## Introduction

Volume models are used to estimate the average contents for standing trees of various sizes and species. The principal variables ordinarily associated with standing tree volume are diameter at breast height and tree height. Tree volume models that are based on the single variable of diameter at breast height are commonly referred to as local volume models or single volume models while models that require the combination of diameter at breast height and the tree height are referred to as standard volume or double entry volume models. Assumptions regarding the inferiority of local volume models over standard volume models are not necessary, particularly when the local equation is derived from a standard volume equation(Avery & Burkhart, 2002). On the other hand, previous research has shown that volume models having two predictors performed better than volume models with only one predictor(Lumbres & Lee, 2013; Seo et al., 2015). General volume models could be in the form of a linear model, constant form factor, single variable, quadratic, logarithmic, general logarithmic, or transformed variable(Clutter et al., 1983; Husch et al., 2003).

Stem volume estimations are very important for forest managers, particularly in forest inventories. Forest inventories have often been used as starting points for the estimation of biomass and carbon storage in the forest of South Korea and forest inventories are very important for the timely monitoring and reporting the forest resources. South Korea has been routinely monitoring forest resources, especially the growing stock, since the establishment of the National Forest Inventory in 1972.

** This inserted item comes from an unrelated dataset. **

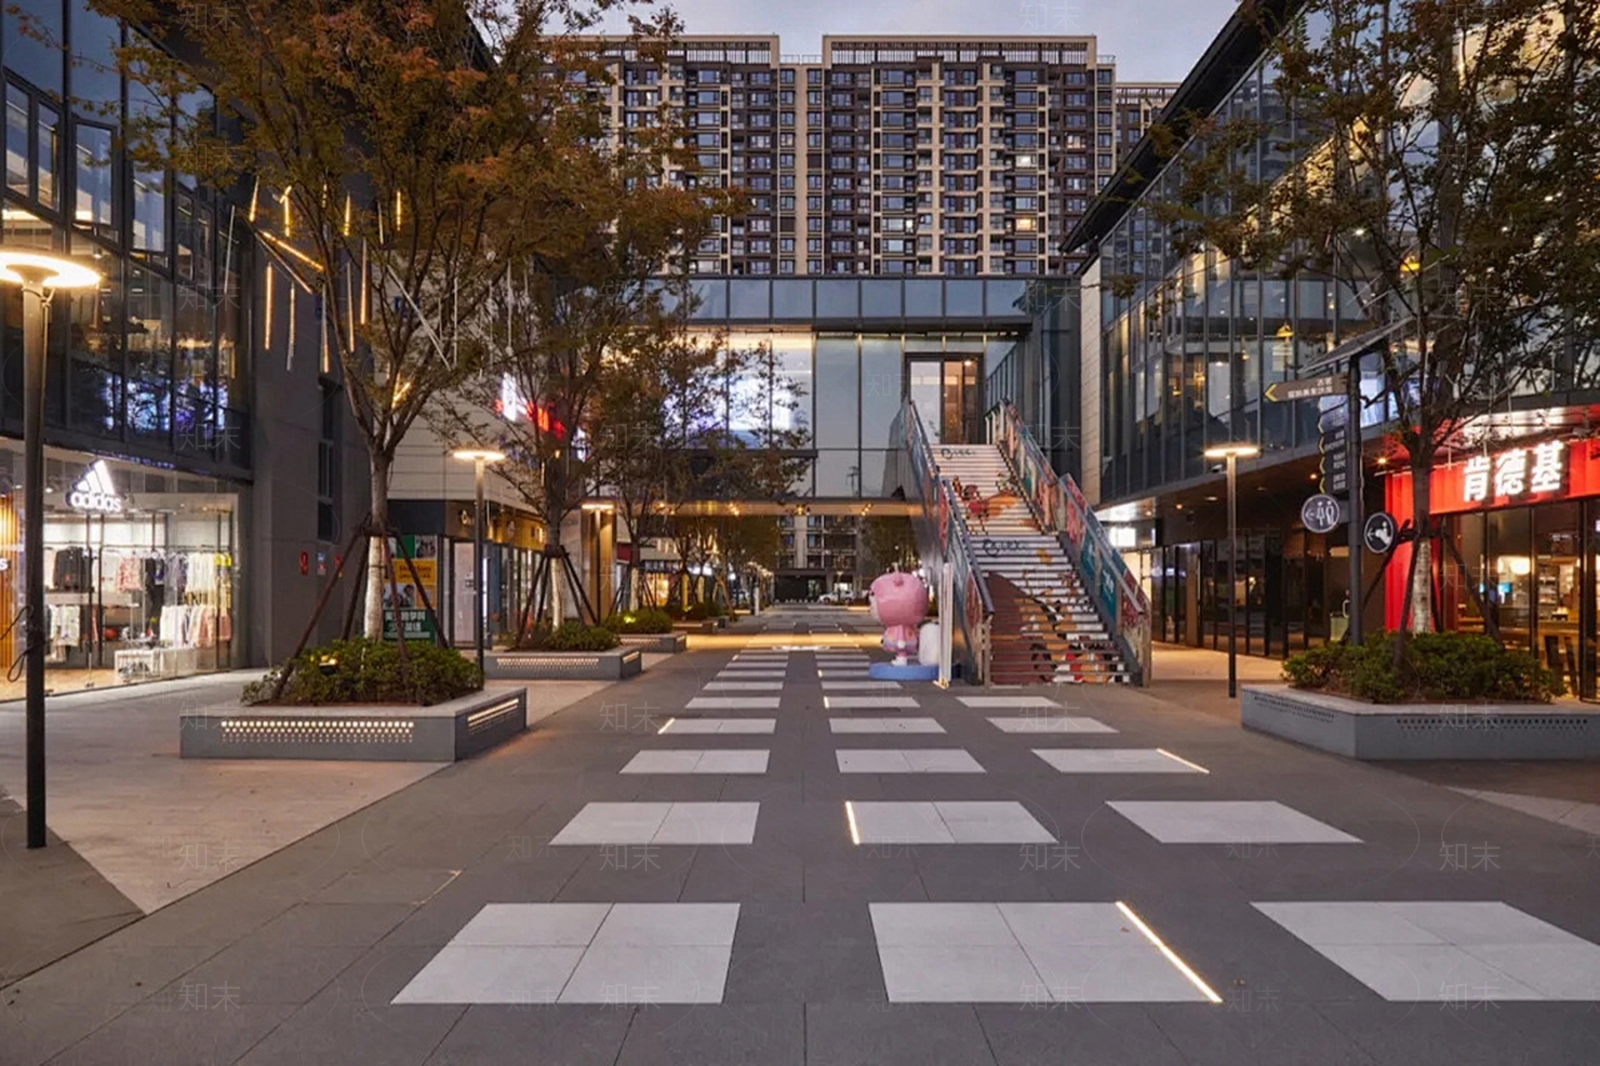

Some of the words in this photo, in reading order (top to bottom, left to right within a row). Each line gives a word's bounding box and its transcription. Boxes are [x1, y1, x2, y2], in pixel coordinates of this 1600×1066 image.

[1463, 439, 1565, 503] 肯德基
[70, 491, 121, 512] adidas

One of the most commonly used procedures in estimating growing stock is developing equations based on the relationships between volume, diameter at breast height and total height(Akindele & LeMay, 2006) through regression analysis(Avery & Burkhart, 2002) and by allometric equation development(Teshome, 2005; Akindele & LeMay, 2006; Gonzalez-Benecke et al., 2014). Volume equations are very important in estimating the forests’ aboveground biomass by transformation of volume to dry weight, using density and biomass expansion factors for the biomass determination of the whole tree(Fang & Wang, 2001; Lehtonen et al., 2004; Tobin & Nieuwenhuis, 2007).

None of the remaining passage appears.